Task objective ▸
Report the number of lines in the material below that contain "them", without any other words.

Data extracts ▸
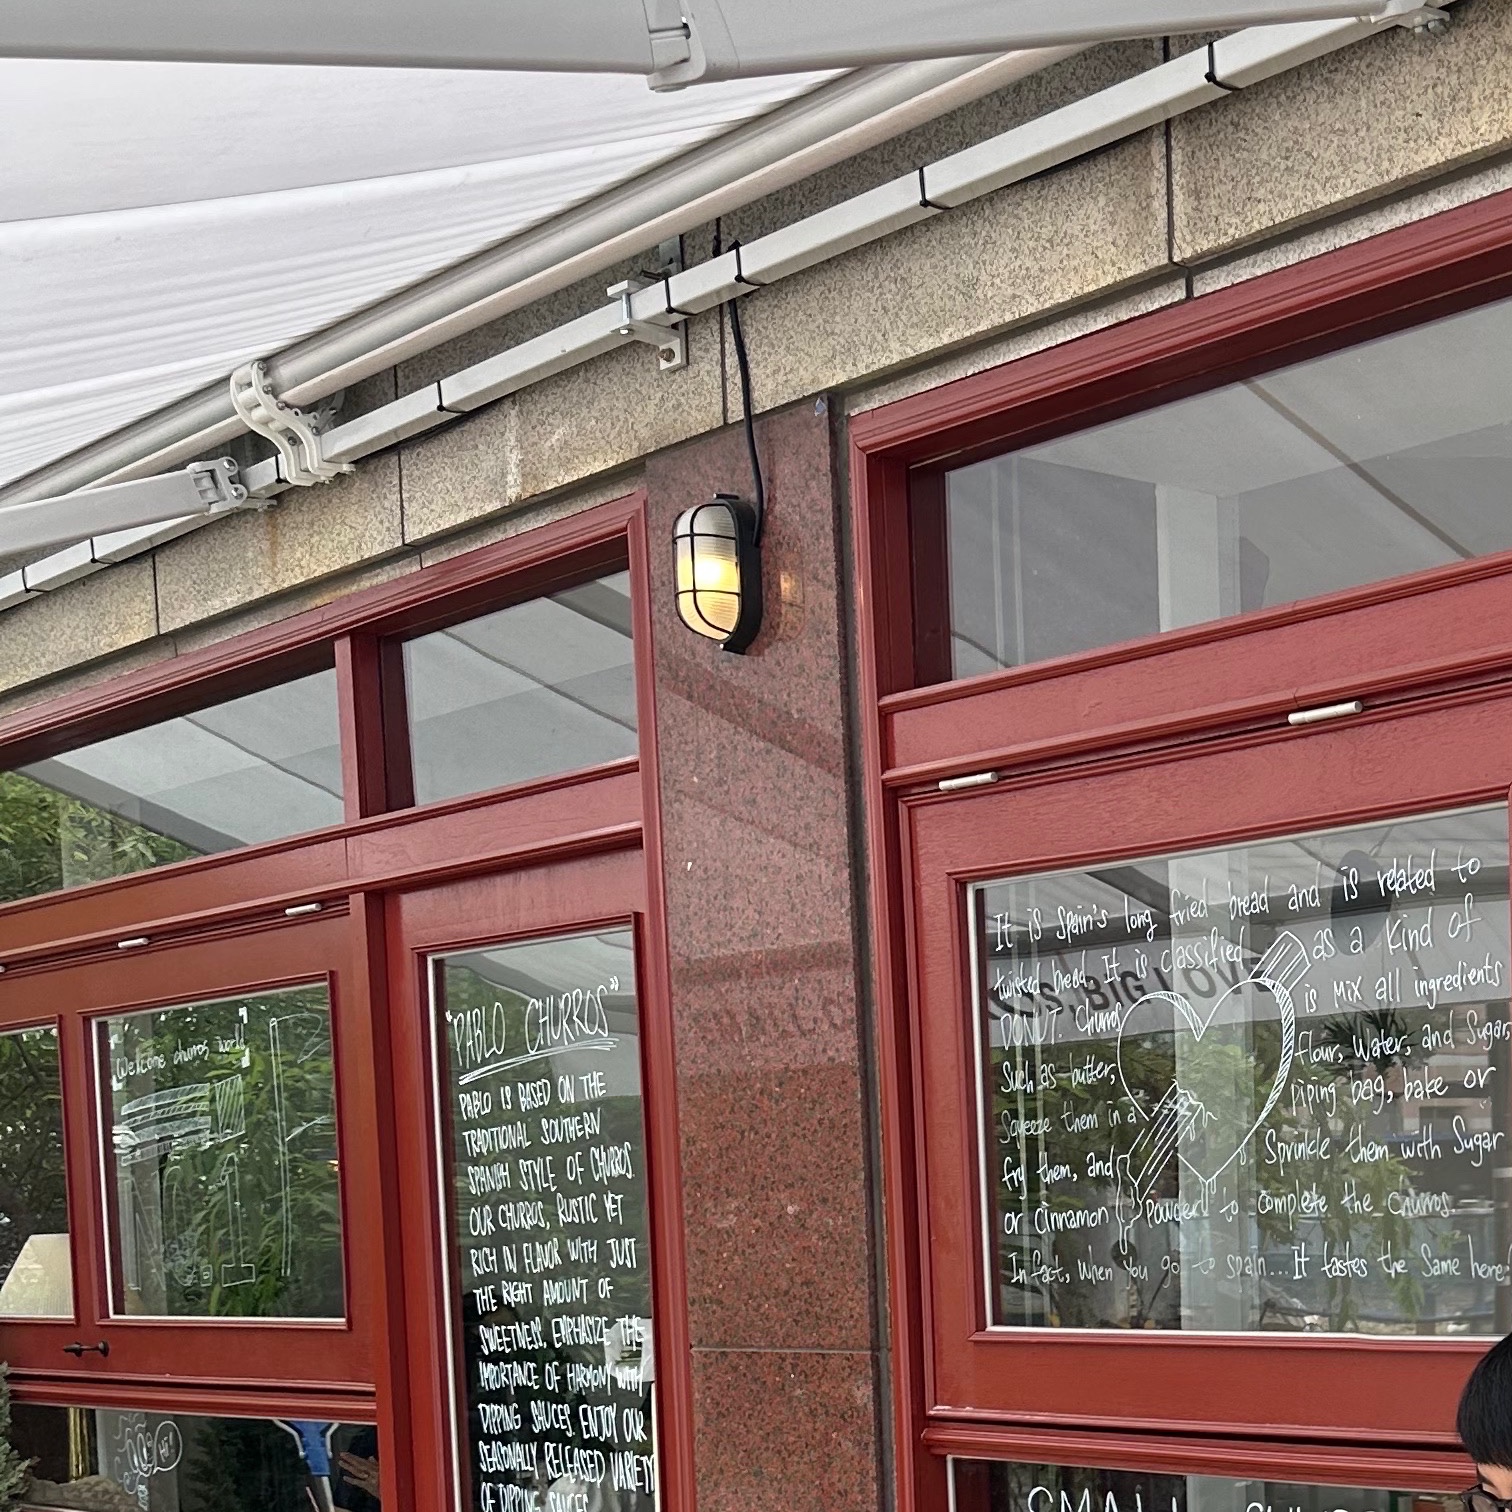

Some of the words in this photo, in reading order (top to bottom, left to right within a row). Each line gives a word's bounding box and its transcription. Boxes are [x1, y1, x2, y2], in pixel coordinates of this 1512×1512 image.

[993, 912, 1014, 951] It
[1124, 894, 1158, 942] long
[1169, 878, 1208, 927] fried
[1227, 875, 1269, 920] bread
[1288, 861, 1322, 911] and
[1378, 848, 1436, 898] related
[1450, 846, 1481, 883] to
[993, 962, 1041, 1002] twisted
[1102, 947, 1121, 984] It
[1161, 925, 1245, 973] classified
[1312, 927, 1335, 961] as
[1350, 926, 1365, 954] a
[1448, 893, 1482, 943] of
[1375, 967, 1400, 1002] all
[1414, 952, 1503, 1010] ingredients
[1421, 1010, 1455, 1051] and
[459, 1090, 492, 1122] PABLO
[500, 1086, 512, 1110] IS
[517, 1078, 550, 1113] BASED
[558, 1074, 575, 1104] ON
[578, 1071, 607, 1100] THE
[1061, 1099, 1099, 1133] them
[1106, 1100, 1121, 1128] in
[1127, 1106, 1137, 1124] a
[1290, 1077, 1337, 1117] piping
[1350, 1069, 1393, 1115] bag,
[1403, 1065, 1449, 1101] bake
[1463, 1066, 1497, 1090] or
[462, 1120, 532, 1158] TRADITIONAL
[540, 1107, 601, 1145] SOUTHERN
[467, 1162, 511, 1197] SPANISH
[518, 1156, 558, 1192] STYLE
[566, 1151, 585, 1185] OF
[1001, 1156, 1028, 1200] fry
[1036, 1152, 1078, 1185] them,
[1086, 1144, 1114, 1178] and
[1345, 1123, 1389, 1163] them
[1400, 1123, 1442, 1162] with
[469, 1204, 496, 1237] OUR
[556, 1192, 599, 1227] RUSTIC
[603, 1190, 624, 1225] YET
[1004, 1211, 1021, 1235] or
[1219, 1186, 1239, 1223] to
[1340, 1180, 1373, 1213] the
[469, 1246, 499, 1278] RICH
[502, 1243, 517, 1274] IN
[523, 1237, 562, 1275] FLAVOR
[567, 1235, 598, 1264] WITH
[606, 1237, 637, 1269] JUST
[1161, 1256, 1180, 1289] go
[1321, 1241, 1368, 1279] tastes
[1377, 1240, 1408, 1279] the
[472, 1284, 498, 1315] THE
[501, 1280, 533, 1308] RIGHT
[543, 1276, 589, 1306] AMOUNT
[598, 1277, 614, 1299] OF
[551, 1314, 611, 1349] EMPHASIZE
[615, 1314, 645, 1351] THE
[479, 1360, 540, 1395] IMPORTANCE
[545, 1361, 560, 1393] OF
[566, 1362, 612, 1396] HARMONY
[478, 1403, 521, 1435] DIPPING
[579, 1402, 618, 1444] ENJOY
[623, 1407, 647, 1443] OUR
[478, 1441, 539, 1480] SEASONALLY
[544, 1441, 606, 1488] RELEASED

Reply ▸
3